**Problem statement**
Go through the data that follows and restate each line exactly as it reads.

**Records for this exercise**
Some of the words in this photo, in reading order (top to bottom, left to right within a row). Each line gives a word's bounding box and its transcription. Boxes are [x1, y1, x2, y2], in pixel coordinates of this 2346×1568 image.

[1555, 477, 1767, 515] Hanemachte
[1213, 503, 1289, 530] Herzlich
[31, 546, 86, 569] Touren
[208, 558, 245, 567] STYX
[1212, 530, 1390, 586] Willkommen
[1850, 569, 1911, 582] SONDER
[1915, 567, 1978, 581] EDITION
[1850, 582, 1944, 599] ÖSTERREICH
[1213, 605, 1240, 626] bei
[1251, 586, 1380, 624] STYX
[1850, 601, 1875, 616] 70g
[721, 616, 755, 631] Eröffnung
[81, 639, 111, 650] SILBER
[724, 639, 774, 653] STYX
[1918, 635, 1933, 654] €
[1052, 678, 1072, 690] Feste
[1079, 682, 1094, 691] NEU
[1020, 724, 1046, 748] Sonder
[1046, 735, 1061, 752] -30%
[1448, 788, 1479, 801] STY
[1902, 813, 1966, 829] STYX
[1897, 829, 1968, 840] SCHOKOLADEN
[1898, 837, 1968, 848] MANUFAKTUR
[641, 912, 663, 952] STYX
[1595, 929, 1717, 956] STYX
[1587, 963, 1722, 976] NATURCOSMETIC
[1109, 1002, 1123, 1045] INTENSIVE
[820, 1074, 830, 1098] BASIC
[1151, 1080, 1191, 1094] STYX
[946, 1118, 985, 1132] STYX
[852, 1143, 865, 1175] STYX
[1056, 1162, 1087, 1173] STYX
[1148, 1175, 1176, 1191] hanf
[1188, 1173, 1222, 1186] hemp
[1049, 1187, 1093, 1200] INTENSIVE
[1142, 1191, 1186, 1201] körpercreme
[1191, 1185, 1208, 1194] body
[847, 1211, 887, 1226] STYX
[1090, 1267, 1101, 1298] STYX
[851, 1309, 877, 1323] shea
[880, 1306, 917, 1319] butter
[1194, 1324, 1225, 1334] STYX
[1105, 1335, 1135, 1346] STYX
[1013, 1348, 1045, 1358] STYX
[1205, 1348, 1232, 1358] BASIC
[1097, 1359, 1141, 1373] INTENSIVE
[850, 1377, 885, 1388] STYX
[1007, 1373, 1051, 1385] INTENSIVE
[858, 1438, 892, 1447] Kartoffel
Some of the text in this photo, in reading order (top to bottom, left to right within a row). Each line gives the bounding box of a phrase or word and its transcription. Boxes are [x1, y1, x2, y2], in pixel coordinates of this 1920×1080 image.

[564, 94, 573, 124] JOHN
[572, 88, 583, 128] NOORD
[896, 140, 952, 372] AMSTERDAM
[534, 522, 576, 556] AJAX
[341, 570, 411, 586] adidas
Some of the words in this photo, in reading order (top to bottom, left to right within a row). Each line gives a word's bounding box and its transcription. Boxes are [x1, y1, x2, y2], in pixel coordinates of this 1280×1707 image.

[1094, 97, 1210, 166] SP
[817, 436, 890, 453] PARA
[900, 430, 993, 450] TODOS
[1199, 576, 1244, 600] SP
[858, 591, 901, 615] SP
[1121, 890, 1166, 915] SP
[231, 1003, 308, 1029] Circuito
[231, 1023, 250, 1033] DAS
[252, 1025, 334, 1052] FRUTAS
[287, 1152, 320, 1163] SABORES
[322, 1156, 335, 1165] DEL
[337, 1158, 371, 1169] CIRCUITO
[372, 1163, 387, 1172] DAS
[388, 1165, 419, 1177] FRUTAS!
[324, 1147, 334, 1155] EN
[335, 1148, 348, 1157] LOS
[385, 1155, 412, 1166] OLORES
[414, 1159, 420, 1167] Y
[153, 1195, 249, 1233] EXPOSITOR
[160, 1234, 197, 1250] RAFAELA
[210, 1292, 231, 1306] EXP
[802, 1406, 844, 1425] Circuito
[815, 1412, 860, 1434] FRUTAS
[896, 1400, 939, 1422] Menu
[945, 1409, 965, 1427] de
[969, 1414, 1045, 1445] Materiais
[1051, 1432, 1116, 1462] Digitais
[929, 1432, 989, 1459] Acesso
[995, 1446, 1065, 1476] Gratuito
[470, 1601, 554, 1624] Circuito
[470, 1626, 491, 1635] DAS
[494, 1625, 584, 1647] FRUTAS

**The answer**
Some of the words in this photo, in reading order (top to bottom, left to right within a row). Each line gives a word's bounding box and its transcription. Boxes are [x1, y1, x2, y2], in pixel coordinates of this 2346×1568 image.

[1555, 477, 1767, 515] Hanemachte
[1213, 503, 1289, 530] Herzlich
[31, 546, 86, 569] Touren
[208, 558, 245, 567] STYX
[1212, 530, 1390, 586] Willkommen
[1850, 569, 1911, 582] SONDER
[1915, 567, 1978, 581] EDITION
[1850, 582, 1944, 599] ÖSTERREICH
[1213, 605, 1240, 626] bei
[1251, 586, 1380, 624] STYX
[1850, 601, 1875, 616] 70g
[721, 616, 755, 631] Eröffnung
[81, 639, 111, 650] SILBER
[724, 639, 774, 653] STYX
[1918, 635, 1933, 654] €
[1052, 678, 1072, 690] Feste
[1079, 682, 1094, 691] NEU
[1020, 724, 1046, 748] Sonder
[1046, 735, 1061, 752] -30%
[1448, 788, 1479, 801] STY
[1902, 813, 1966, 829] STYX
[1897, 829, 1968, 840] SCHOKOLADEN
[1898, 837, 1968, 848] MANUFAKTUR
[641, 912, 663, 952] STYX
[1595, 929, 1717, 956] STYX
[1587, 963, 1722, 976] NATURCOSMETIC
[1109, 1002, 1123, 1045] INTENSIVE
[820, 1074, 830, 1098] BASIC
[1151, 1080, 1191, 1094] STYX
[946, 1118, 985, 1132] STYX
[852, 1143, 865, 1175] STYX
[1056, 1162, 1087, 1173] STYX
[1148, 1175, 1176, 1191] hanf
[1188, 1173, 1222, 1186] hemp
[1049, 1187, 1093, 1200] INTENSIVE
[1142, 1191, 1186, 1201] körpercreme
[1191, 1185, 1208, 1194] body
[847, 1211, 887, 1226] STYX
[1090, 1267, 1101, 1298] STYX
[851, 1309, 877, 1323] shea
[880, 1306, 917, 1319] butter
[1194, 1324, 1225, 1334] STYX
[1105, 1335, 1135, 1346] STYX
[1013, 1348, 1045, 1358] STYX
[1205, 1348, 1232, 1358] BASIC
[1097, 1359, 1141, 1373] INTENSIVE
[850, 1377, 885, 1388] STYX
[1007, 1373, 1051, 1385] INTENSIVE
[858, 1438, 892, 1447] Kartoffel
Some of the text in this photo, in reading order (top to bottom, left to right within a row). Each line gives the bounding box of a phrase or word and its transcription. Boxes are [x1, y1, x2, y2], in pixel coordinates of this 1920×1080 image.

[564, 94, 573, 124] JOHN
[572, 88, 583, 128] NOORD
[896, 140, 952, 372] AMSTERDAM
[534, 522, 576, 556] AJAX
[341, 570, 411, 586] adidas
Some of the words in this photo, in reading order (top to bottom, left to right within a row). Each line gives a word's bounding box and its transcription. Boxes are [x1, y1, x2, y2], in pixel coordinates of this 1280×1707 image.

[1094, 97, 1210, 166] SP
[817, 436, 890, 453] PARA
[900, 430, 993, 450] TODOS
[1199, 576, 1244, 600] SP
[858, 591, 901, 615] SP
[1121, 890, 1166, 915] SP
[231, 1003, 308, 1029] Circuito
[231, 1023, 250, 1033] DAS
[252, 1025, 334, 1052] FRUTAS
[287, 1152, 320, 1163] SABORES
[322, 1156, 335, 1165] DEL
[337, 1158, 371, 1169] CIRCUITO
[372, 1163, 387, 1172] DAS
[388, 1165, 419, 1177] FRUTAS!
[324, 1147, 334, 1155] EN
[335, 1148, 348, 1157] LOS
[385, 1155, 412, 1166] OLORES
[414, 1159, 420, 1167] Y
[153, 1195, 249, 1233] EXPOSITOR
[160, 1234, 197, 1250] RAFAELA
[210, 1292, 231, 1306] EXP
[802, 1406, 844, 1425] Circuito
[815, 1412, 860, 1434] FRUTAS
[896, 1400, 939, 1422] Menu
[945, 1409, 965, 1427] de
[969, 1414, 1045, 1445] Materiais
[1051, 1432, 1116, 1462] Digitais
[929, 1432, 989, 1459] Acesso
[995, 1446, 1065, 1476] Gratuito
[470, 1601, 554, 1624] Circuito
[470, 1626, 491, 1635] DAS
[494, 1625, 584, 1647] FRUTAS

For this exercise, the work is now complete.